• WORK ORDER: Beginning with the line where "this 1692×892 image." appears, please restate each line of the records below word for word until the last one, inclusive, and nothing else.

• STUDY MATERIAL:
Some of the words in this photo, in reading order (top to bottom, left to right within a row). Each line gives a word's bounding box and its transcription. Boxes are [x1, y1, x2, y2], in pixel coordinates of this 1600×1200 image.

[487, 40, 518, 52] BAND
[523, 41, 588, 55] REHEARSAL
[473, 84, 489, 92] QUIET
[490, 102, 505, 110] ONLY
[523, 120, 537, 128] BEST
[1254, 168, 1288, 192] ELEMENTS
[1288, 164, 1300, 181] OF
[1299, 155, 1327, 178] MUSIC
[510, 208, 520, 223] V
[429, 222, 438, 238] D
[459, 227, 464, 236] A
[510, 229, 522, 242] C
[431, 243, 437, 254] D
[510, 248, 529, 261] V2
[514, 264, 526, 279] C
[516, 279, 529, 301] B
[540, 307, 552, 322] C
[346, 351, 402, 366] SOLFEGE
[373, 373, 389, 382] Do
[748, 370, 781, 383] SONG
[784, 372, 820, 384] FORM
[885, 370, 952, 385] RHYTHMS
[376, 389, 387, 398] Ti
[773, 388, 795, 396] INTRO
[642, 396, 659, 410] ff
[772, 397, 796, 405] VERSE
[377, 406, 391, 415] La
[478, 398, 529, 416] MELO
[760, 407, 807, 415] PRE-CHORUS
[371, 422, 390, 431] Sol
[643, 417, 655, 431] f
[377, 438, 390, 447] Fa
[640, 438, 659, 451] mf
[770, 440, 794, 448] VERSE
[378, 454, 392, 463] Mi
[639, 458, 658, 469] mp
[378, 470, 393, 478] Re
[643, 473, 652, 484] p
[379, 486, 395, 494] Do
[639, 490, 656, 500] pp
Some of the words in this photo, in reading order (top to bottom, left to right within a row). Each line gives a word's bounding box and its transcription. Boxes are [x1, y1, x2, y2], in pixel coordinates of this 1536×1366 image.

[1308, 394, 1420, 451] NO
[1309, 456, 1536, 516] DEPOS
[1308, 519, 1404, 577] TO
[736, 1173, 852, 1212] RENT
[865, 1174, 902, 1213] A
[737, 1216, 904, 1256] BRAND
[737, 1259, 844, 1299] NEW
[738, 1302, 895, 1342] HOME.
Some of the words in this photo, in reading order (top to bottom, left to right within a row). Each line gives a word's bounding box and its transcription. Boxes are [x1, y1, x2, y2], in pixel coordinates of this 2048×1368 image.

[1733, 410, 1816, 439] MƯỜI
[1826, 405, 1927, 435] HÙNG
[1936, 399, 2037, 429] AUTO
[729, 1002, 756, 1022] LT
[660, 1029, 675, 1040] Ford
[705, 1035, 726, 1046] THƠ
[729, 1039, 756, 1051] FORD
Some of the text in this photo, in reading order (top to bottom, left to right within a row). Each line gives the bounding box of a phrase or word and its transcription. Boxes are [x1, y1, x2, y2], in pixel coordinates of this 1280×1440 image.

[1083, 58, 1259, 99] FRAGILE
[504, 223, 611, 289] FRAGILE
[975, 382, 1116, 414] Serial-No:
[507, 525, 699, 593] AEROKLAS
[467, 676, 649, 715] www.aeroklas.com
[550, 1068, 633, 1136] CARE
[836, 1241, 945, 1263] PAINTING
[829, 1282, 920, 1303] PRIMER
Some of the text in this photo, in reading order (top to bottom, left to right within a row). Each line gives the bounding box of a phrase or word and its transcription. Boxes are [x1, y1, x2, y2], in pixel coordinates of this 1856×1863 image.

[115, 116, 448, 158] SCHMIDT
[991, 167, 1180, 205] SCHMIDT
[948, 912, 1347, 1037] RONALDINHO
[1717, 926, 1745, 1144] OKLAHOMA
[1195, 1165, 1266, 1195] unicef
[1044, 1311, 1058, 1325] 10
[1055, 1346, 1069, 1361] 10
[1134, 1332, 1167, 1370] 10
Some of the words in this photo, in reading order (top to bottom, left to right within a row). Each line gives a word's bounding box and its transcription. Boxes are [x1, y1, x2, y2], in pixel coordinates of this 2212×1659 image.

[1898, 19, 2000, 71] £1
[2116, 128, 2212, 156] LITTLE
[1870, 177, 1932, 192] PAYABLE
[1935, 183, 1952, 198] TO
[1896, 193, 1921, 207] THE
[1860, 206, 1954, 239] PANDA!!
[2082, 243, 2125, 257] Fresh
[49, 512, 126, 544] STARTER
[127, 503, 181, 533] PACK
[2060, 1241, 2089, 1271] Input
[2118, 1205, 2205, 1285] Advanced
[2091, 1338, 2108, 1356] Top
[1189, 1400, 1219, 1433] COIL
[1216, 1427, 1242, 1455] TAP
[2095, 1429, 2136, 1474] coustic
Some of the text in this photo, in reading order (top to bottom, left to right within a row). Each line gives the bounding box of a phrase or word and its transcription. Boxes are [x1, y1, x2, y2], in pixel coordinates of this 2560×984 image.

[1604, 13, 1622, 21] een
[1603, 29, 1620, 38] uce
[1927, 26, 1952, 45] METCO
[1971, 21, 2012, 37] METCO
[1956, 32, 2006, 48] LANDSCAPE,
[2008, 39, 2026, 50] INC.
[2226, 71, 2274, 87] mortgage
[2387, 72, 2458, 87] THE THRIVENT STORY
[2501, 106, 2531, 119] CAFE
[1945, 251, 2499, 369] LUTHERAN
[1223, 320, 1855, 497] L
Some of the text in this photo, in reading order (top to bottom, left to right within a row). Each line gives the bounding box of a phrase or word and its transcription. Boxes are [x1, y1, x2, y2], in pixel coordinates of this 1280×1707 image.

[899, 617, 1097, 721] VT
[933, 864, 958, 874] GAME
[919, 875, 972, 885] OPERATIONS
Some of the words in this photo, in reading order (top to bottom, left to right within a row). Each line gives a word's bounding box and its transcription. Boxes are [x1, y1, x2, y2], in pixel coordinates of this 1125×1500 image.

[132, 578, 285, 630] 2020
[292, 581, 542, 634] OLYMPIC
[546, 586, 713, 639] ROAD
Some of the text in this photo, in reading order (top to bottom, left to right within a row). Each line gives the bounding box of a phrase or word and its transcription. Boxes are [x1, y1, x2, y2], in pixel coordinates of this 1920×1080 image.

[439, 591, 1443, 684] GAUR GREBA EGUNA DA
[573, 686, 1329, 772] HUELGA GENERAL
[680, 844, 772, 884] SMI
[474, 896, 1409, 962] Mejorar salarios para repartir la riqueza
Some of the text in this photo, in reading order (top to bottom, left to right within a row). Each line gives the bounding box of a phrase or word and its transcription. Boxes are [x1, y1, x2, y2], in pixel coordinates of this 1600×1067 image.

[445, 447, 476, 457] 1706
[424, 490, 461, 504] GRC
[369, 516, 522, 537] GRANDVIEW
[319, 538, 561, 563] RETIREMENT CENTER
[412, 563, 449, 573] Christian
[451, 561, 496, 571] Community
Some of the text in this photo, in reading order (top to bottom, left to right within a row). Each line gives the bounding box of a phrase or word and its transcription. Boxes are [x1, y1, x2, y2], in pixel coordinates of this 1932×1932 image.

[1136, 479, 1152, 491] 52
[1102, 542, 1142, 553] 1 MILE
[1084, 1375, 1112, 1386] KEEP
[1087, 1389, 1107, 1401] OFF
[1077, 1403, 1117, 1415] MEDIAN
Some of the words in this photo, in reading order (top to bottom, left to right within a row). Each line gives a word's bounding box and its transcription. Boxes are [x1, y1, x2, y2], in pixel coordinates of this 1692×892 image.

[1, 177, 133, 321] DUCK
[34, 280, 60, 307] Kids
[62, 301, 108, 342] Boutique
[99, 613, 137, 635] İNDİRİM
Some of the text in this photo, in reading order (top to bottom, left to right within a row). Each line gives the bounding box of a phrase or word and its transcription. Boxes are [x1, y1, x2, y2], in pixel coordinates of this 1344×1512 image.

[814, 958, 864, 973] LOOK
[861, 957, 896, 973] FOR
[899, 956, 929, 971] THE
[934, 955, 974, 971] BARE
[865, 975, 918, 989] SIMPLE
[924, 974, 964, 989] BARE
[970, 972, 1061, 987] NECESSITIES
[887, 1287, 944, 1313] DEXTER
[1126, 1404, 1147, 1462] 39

• ANSWER TO THE EXERCISE:
Some of the words in this photo, in reading order (top to bottom, left to right within a row). Each line gives a word's bounding box and its transcription. Boxes are [x1, y1, x2, y2], in pixel coordinates of this 1692×892 image.

[1, 177, 133, 321] DUCK
[34, 280, 60, 307] Kids
[62, 301, 108, 342] Boutique
[99, 613, 137, 635] İNDİRİM
Some of the text in this photo, in reading order (top to bottom, left to right within a row). Each line gives the bounding box of a phrase or word and its transcription. Boxes are [x1, y1, x2, y2], in pixel coordinates of this 1344×1512 image.

[814, 958, 864, 973] LOOK
[861, 957, 896, 973] FOR
[899, 956, 929, 971] THE
[934, 955, 974, 971] BARE
[865, 975, 918, 989] SIMPLE
[924, 974, 964, 989] BARE
[970, 972, 1061, 987] NECESSITIES
[887, 1287, 944, 1313] DEXTER
[1126, 1404, 1147, 1462] 39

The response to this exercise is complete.